[PROVIDED DATA — start]
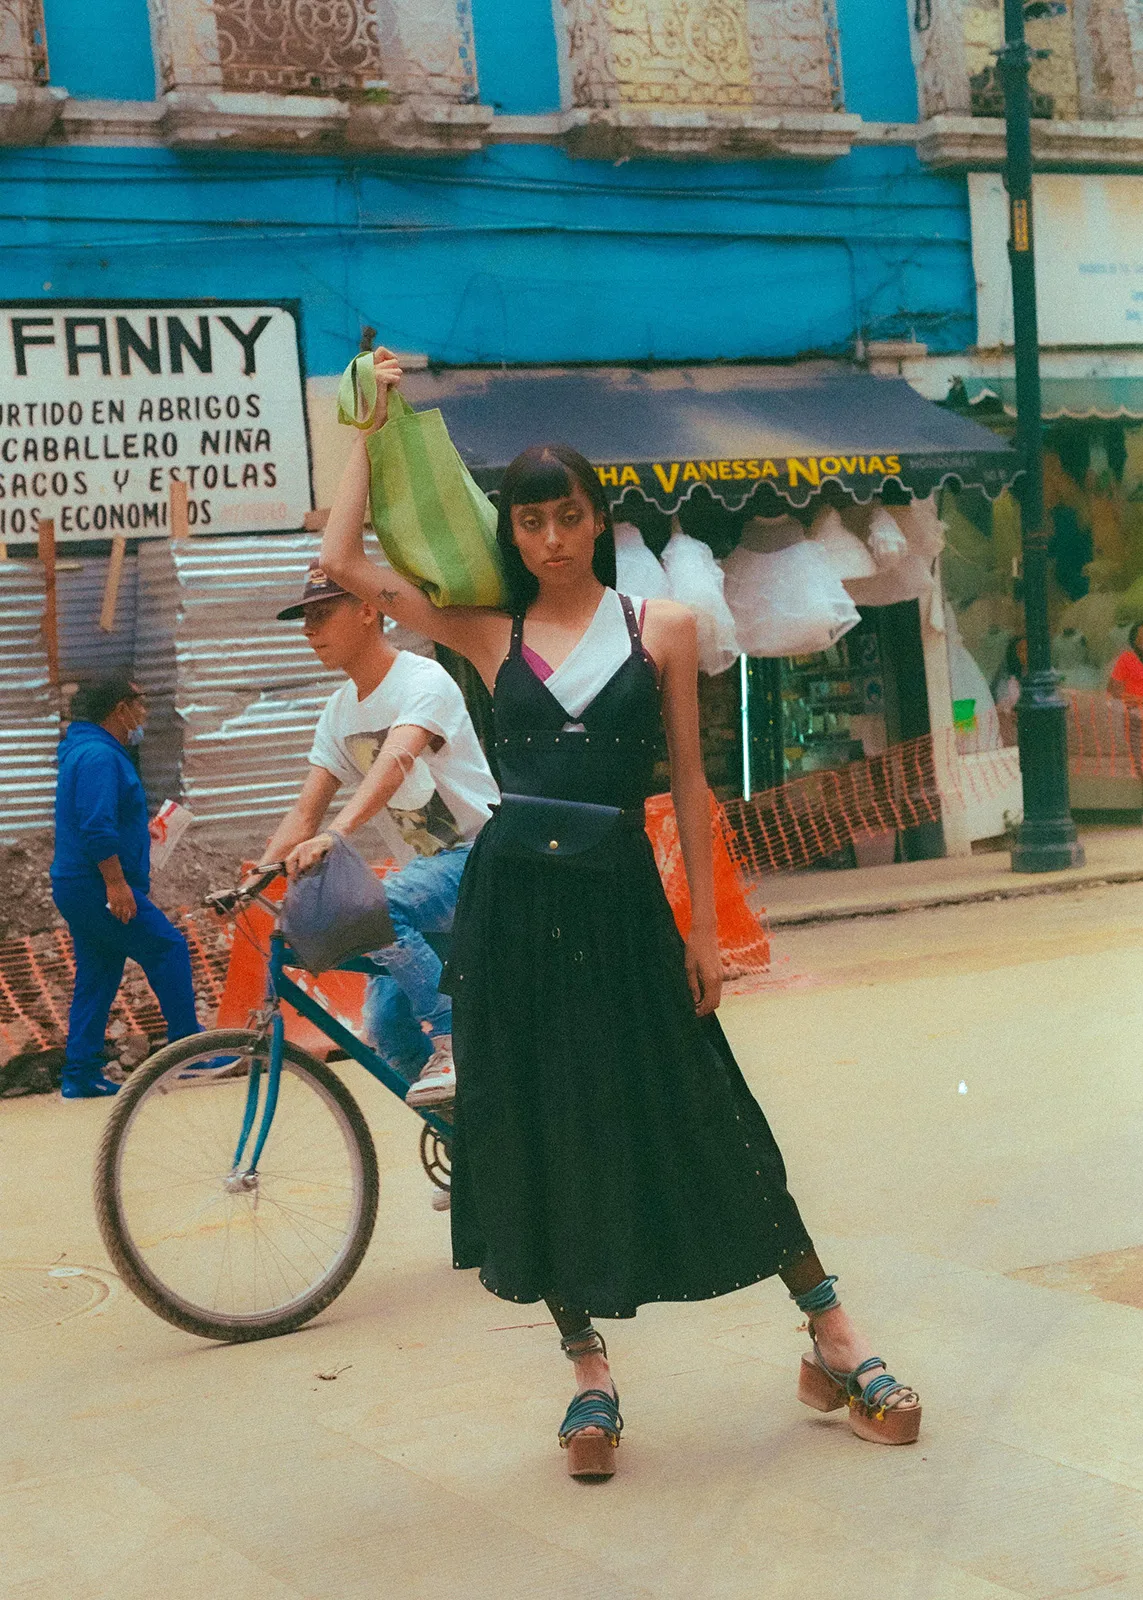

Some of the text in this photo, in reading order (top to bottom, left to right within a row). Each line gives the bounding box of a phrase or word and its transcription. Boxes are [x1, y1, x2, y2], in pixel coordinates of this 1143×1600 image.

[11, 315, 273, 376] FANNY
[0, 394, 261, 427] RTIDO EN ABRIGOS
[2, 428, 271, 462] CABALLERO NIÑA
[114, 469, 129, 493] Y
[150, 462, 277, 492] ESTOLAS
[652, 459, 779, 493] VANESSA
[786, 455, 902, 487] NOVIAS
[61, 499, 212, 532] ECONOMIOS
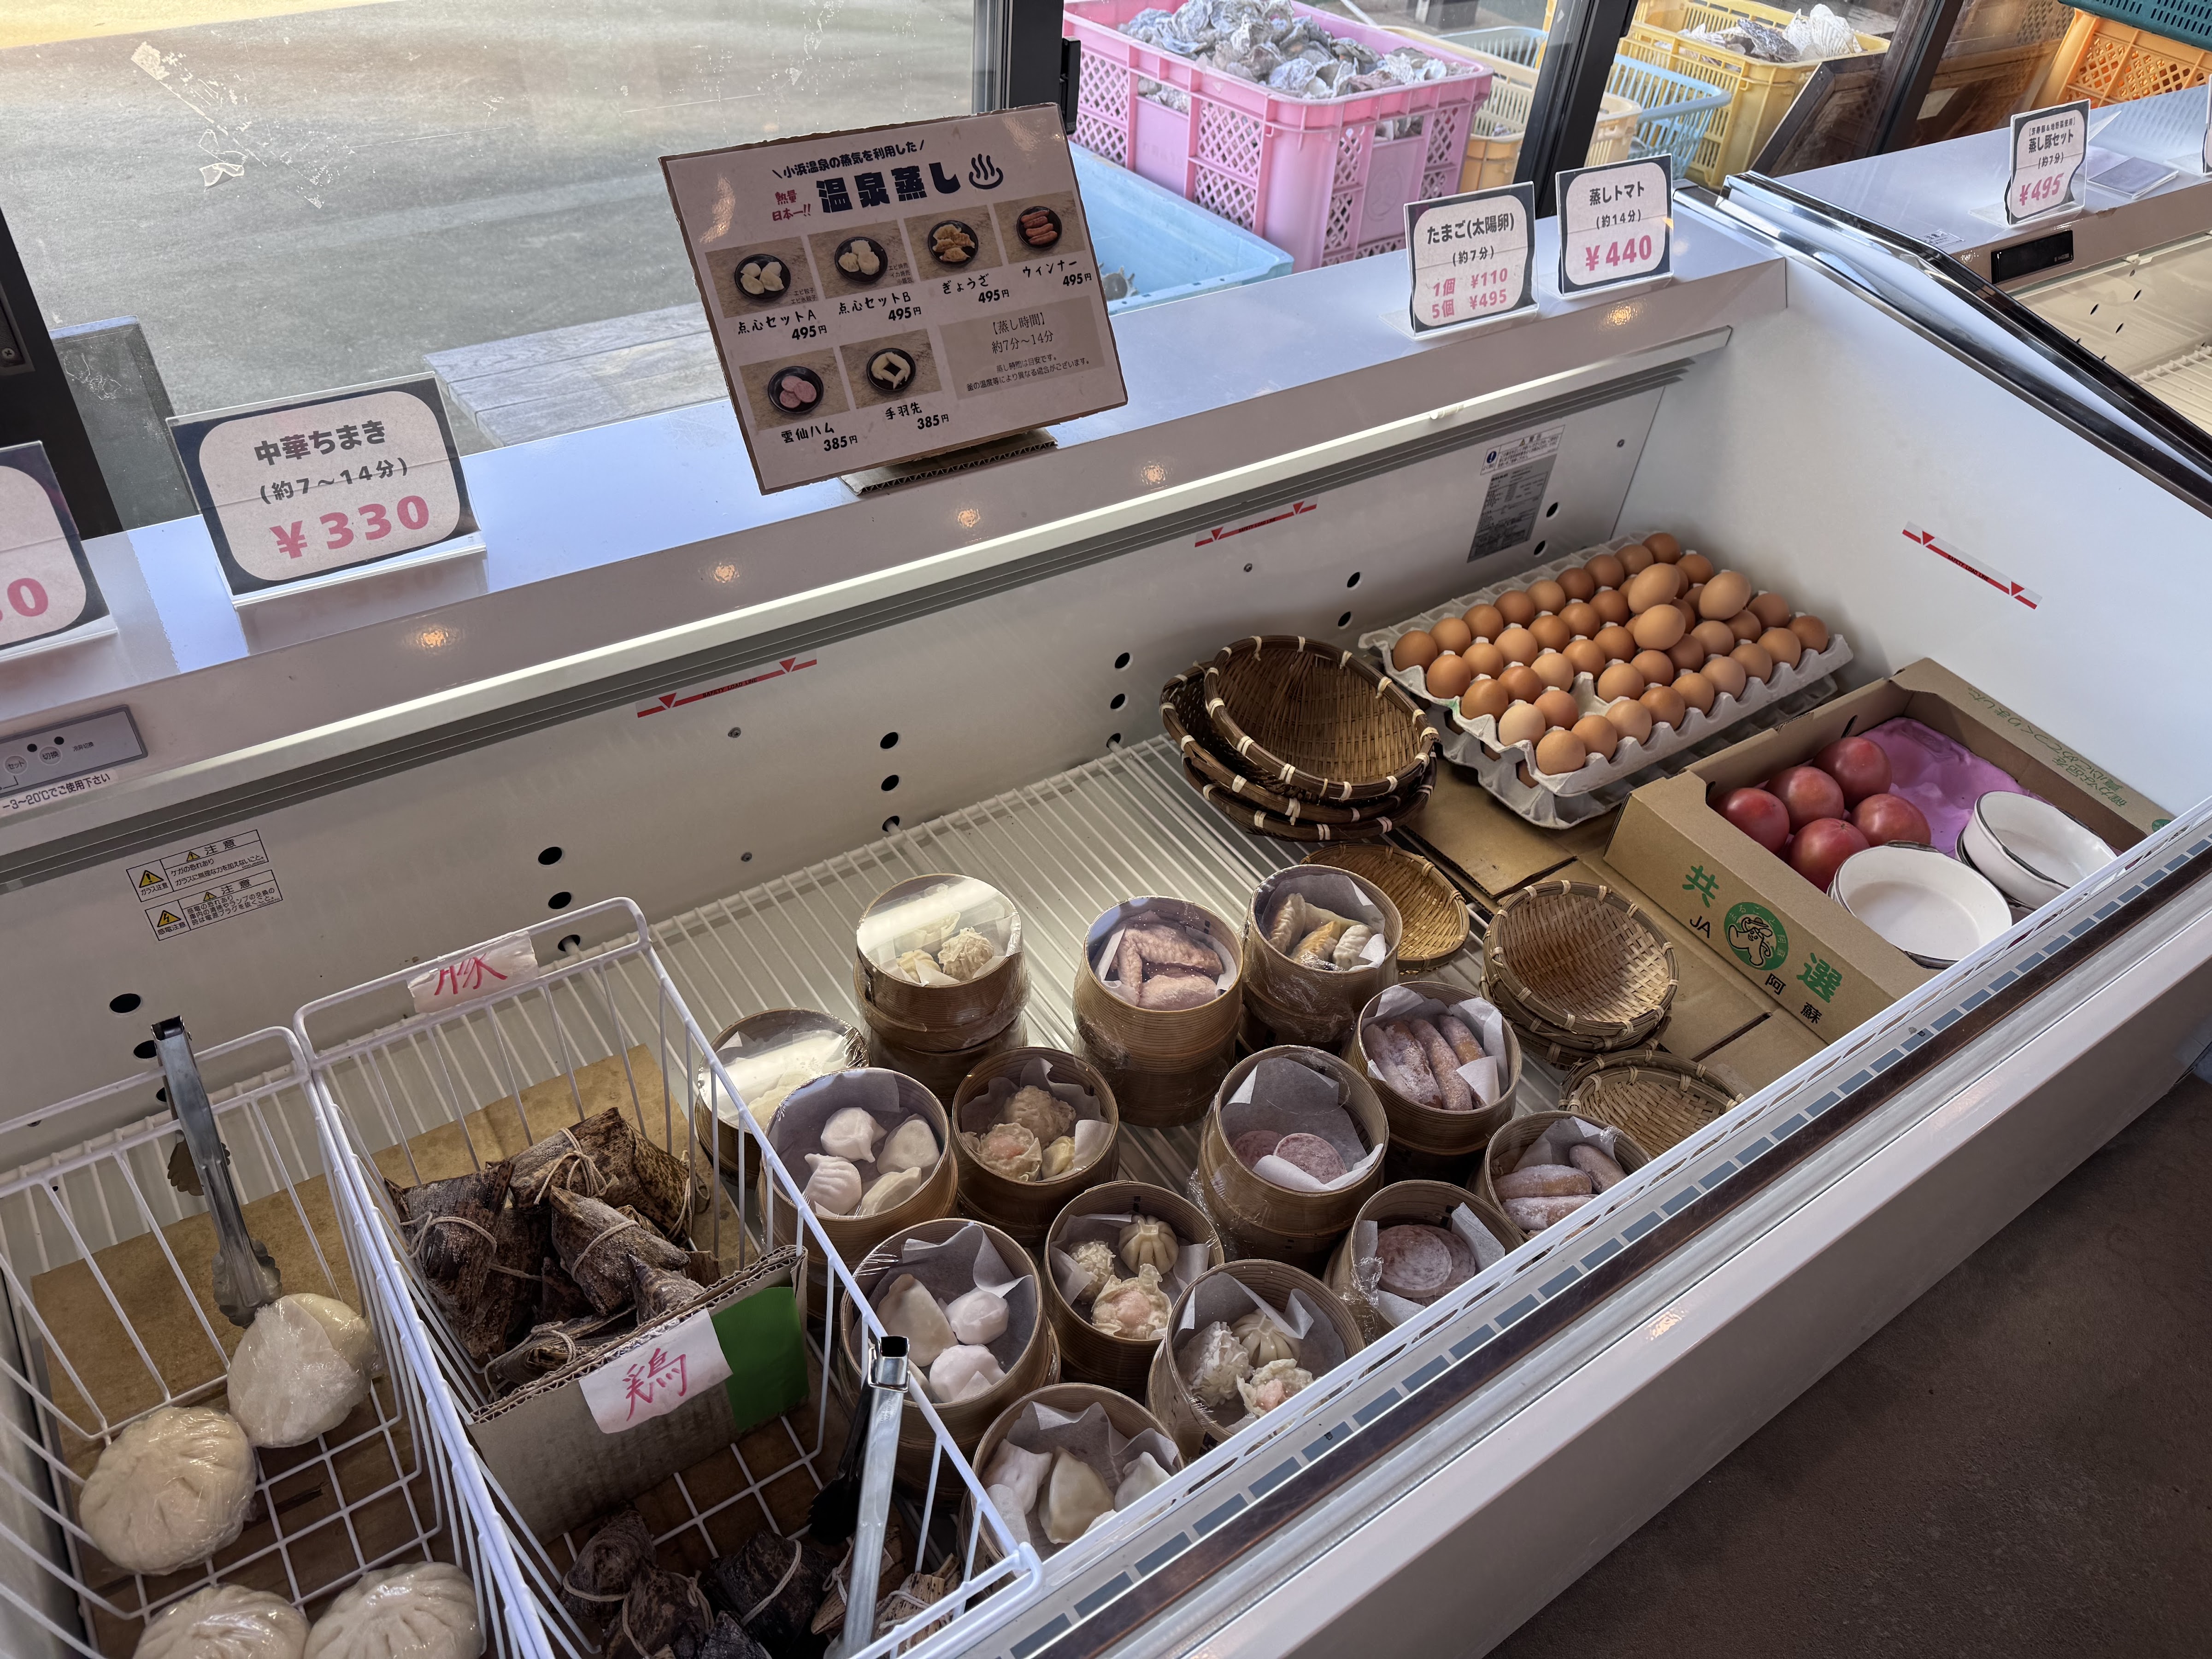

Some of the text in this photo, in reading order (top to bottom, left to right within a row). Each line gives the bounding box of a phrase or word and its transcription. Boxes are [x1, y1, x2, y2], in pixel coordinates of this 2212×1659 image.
[PROVIDED DATA — finish]
* WHAT THE TASK ASKS *
Nothing in the records should be changed in the copy, but the pictures must be left out.

* SOLUTION TO THE EXERCISE *
Some of the text in this photo, in reading order (top to bottom, left to right within a row). Each line gives the bounding box of a phrase or word and its transcription. Boxes are [x1, y1, x2, y2], in pixel coordinates of this 1143×1600 image.

[11, 315, 273, 376] FANNY
[0, 394, 261, 427] RTIDO EN ABRIGOS
[2, 428, 271, 462] CABALLERO NIÑA
[114, 469, 129, 493] Y
[150, 462, 277, 492] ESTOLAS
[652, 459, 779, 493] VANESSA
[786, 455, 902, 487] NOVIAS
[61, 499, 212, 532] ECONOMIOS

Some of the text in this photo, in reading order (top to bottom, left to right within a row). Each line gives the bounding box of a phrase or word and its transcription. Boxes are [x1, y1, x2, y2], in pixel coordinates of this 2212×1659 image.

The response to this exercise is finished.